* _WHAT THE TASK ASKS_:
In the answer, each entry below appears exactly as given, and no picture appears at all.

* _INPUT MATERIAL_:
########

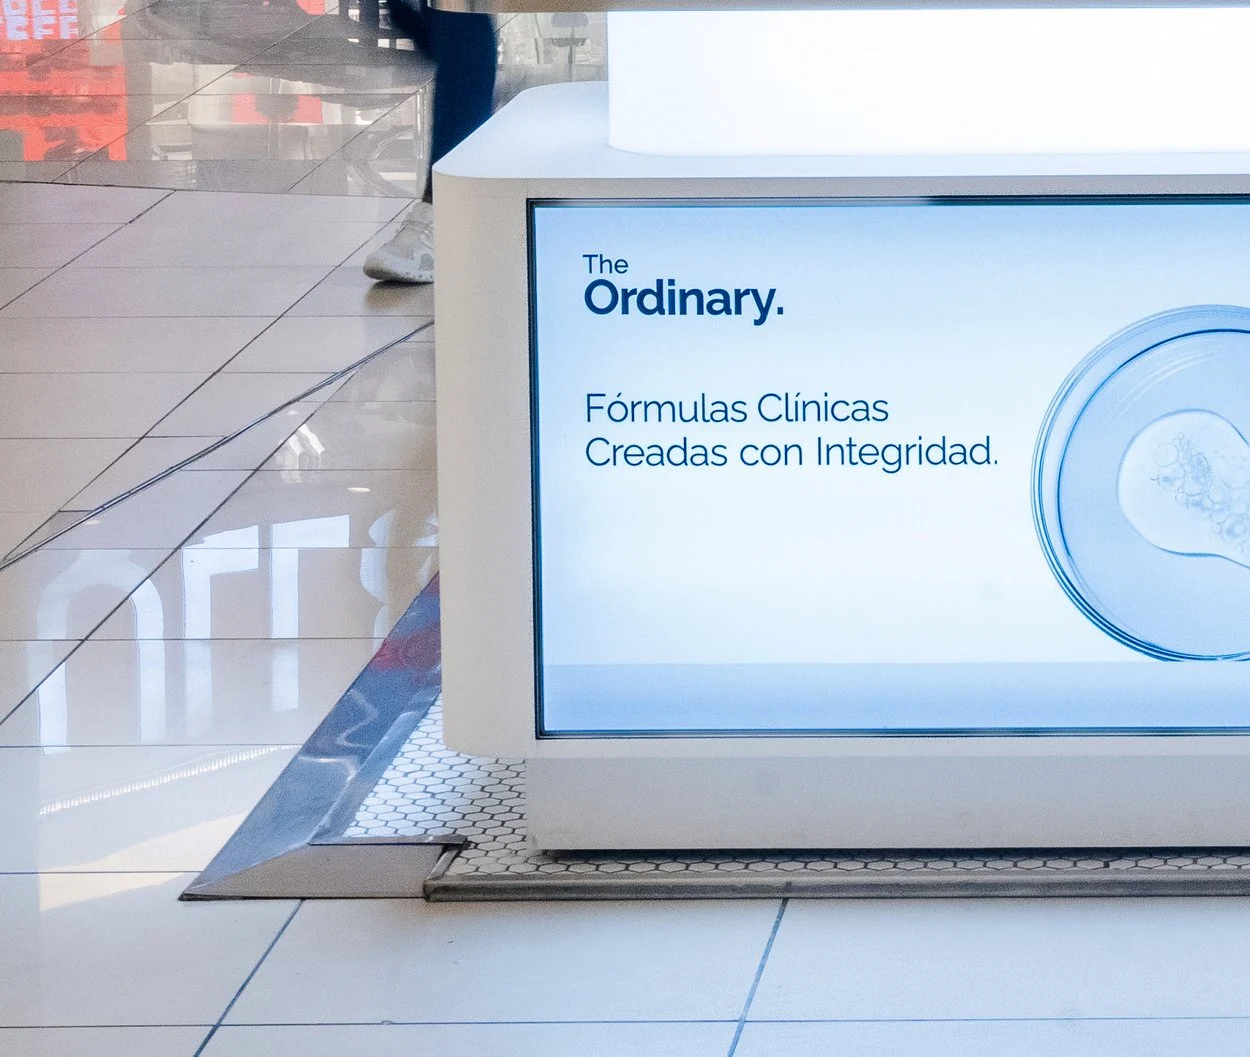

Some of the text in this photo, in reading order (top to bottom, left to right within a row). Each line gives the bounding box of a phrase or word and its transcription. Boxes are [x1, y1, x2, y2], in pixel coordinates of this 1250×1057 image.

[583, 254, 629, 274] The
[584, 278, 785, 326] Ordinary.
[586, 392, 889, 423] Fórmulas Clínicas
[585, 435, 999, 474] Creadas con Integridad.
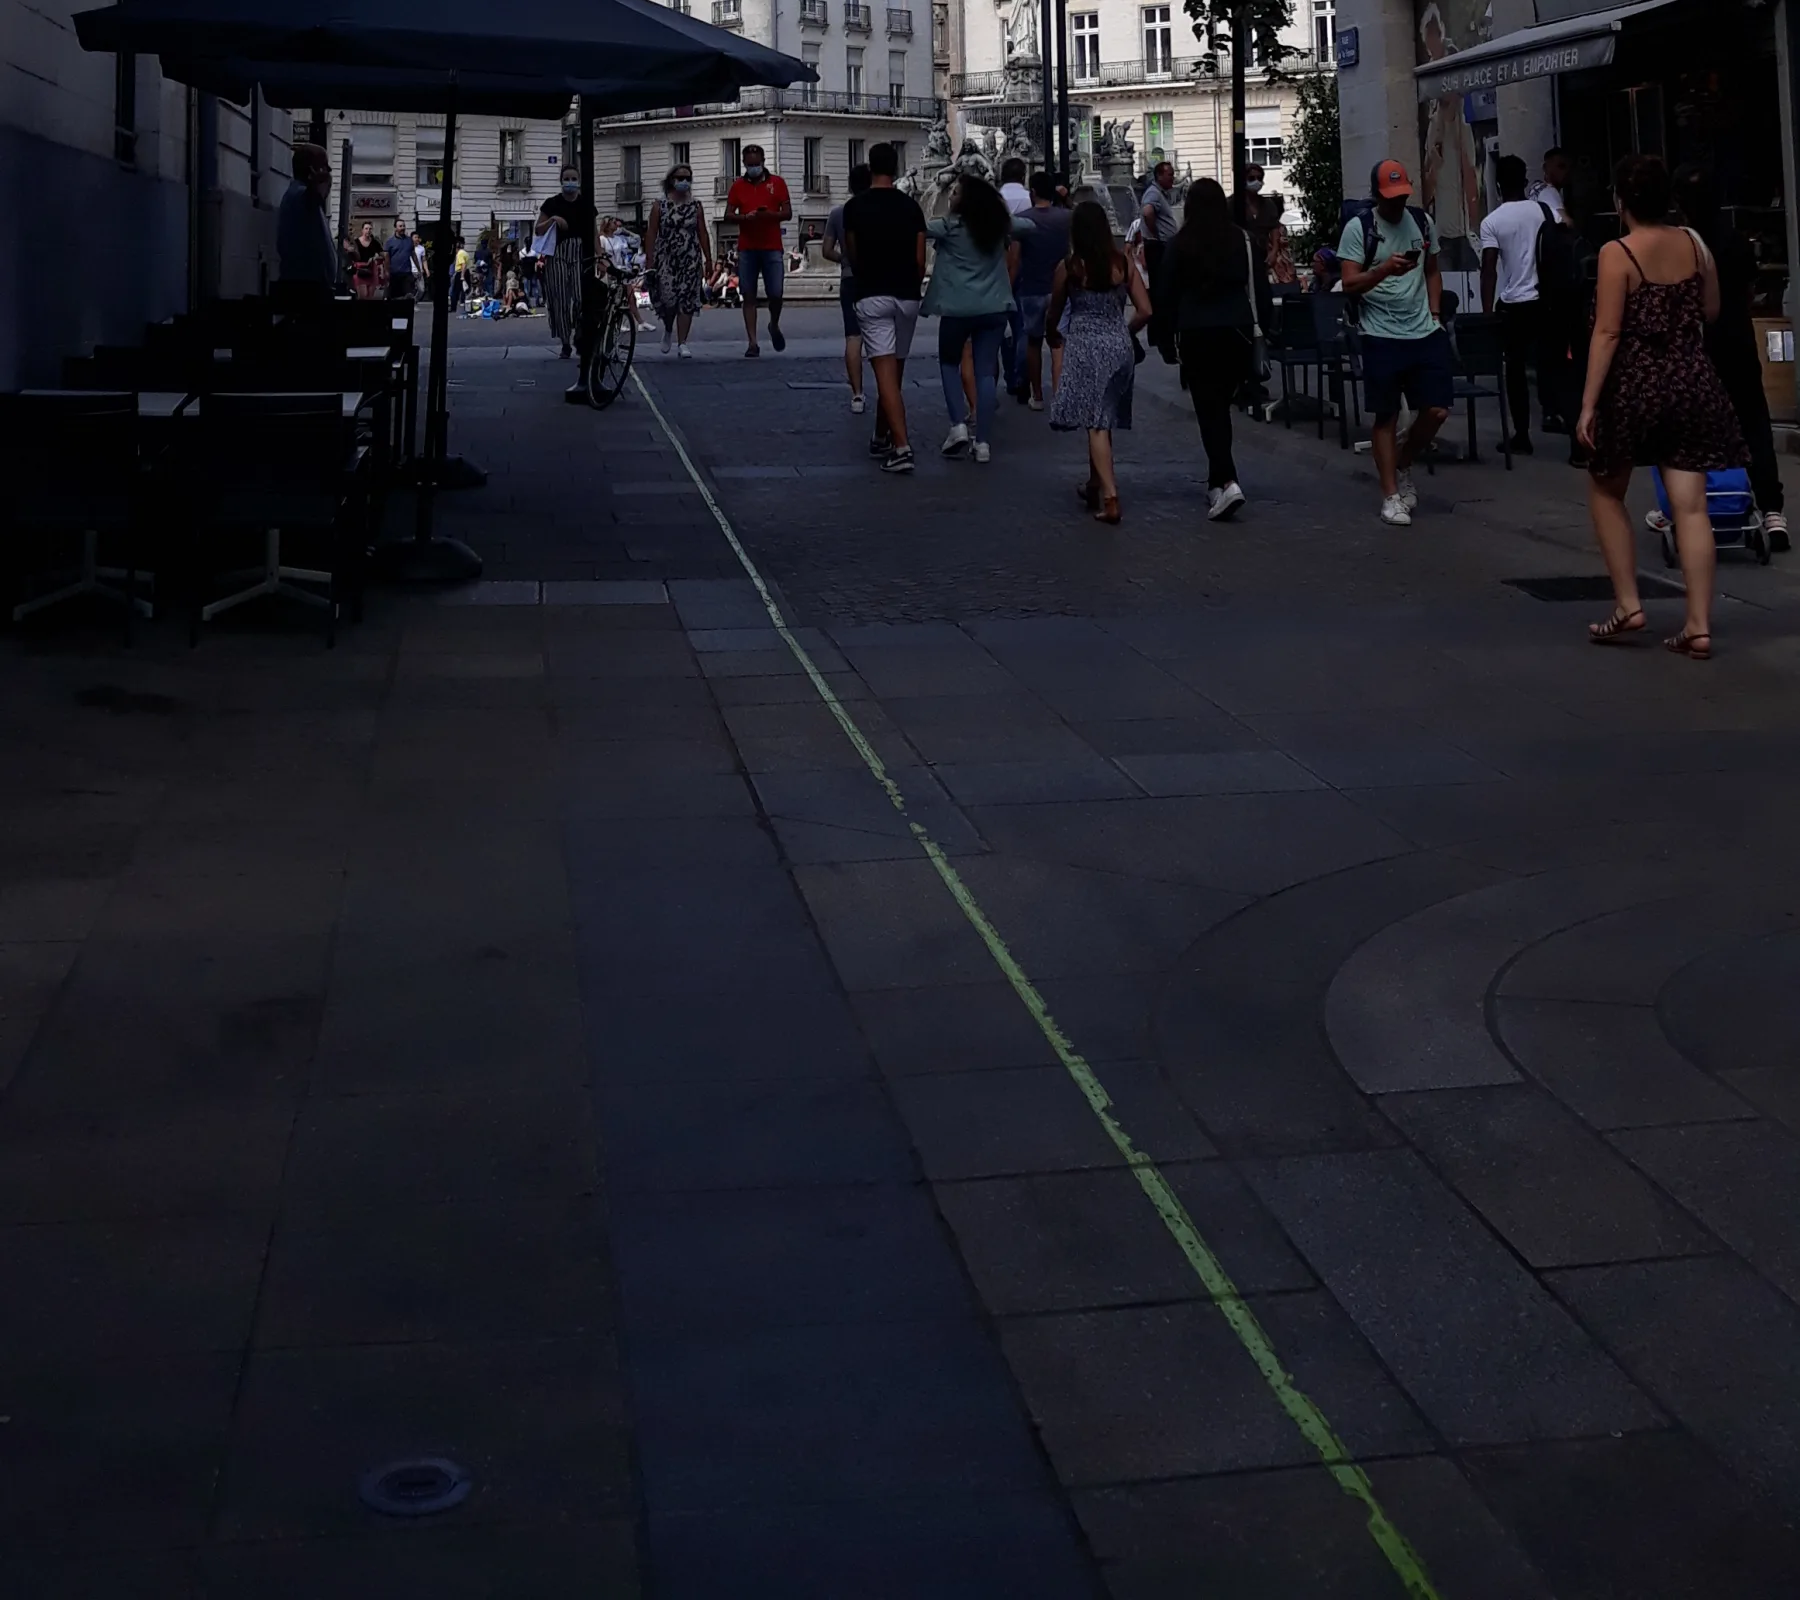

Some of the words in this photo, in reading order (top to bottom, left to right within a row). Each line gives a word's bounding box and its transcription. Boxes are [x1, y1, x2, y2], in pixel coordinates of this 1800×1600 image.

########

* _EXERCISE RESULT_:
Some of the text in this photo, in reading order (top to bottom, left to right within a row). Each line gives the bounding box of a phrase or word and its transcription. Boxes are [x1, y1, x2, y2], in pixel coordinates of this 1250×1057 image.

[583, 254, 629, 274] The
[584, 278, 785, 326] Ordinary.
[586, 392, 889, 423] Fórmulas Clínicas
[585, 435, 999, 474] Creadas con Integridad.

Some of the words in this photo, in reading order (top to bottom, left to right within a row). Each line gives a word's bounding box and its transcription. Boxes are [x1, y1, x2, y2], in pixel coordinates of this 1800×1600 image.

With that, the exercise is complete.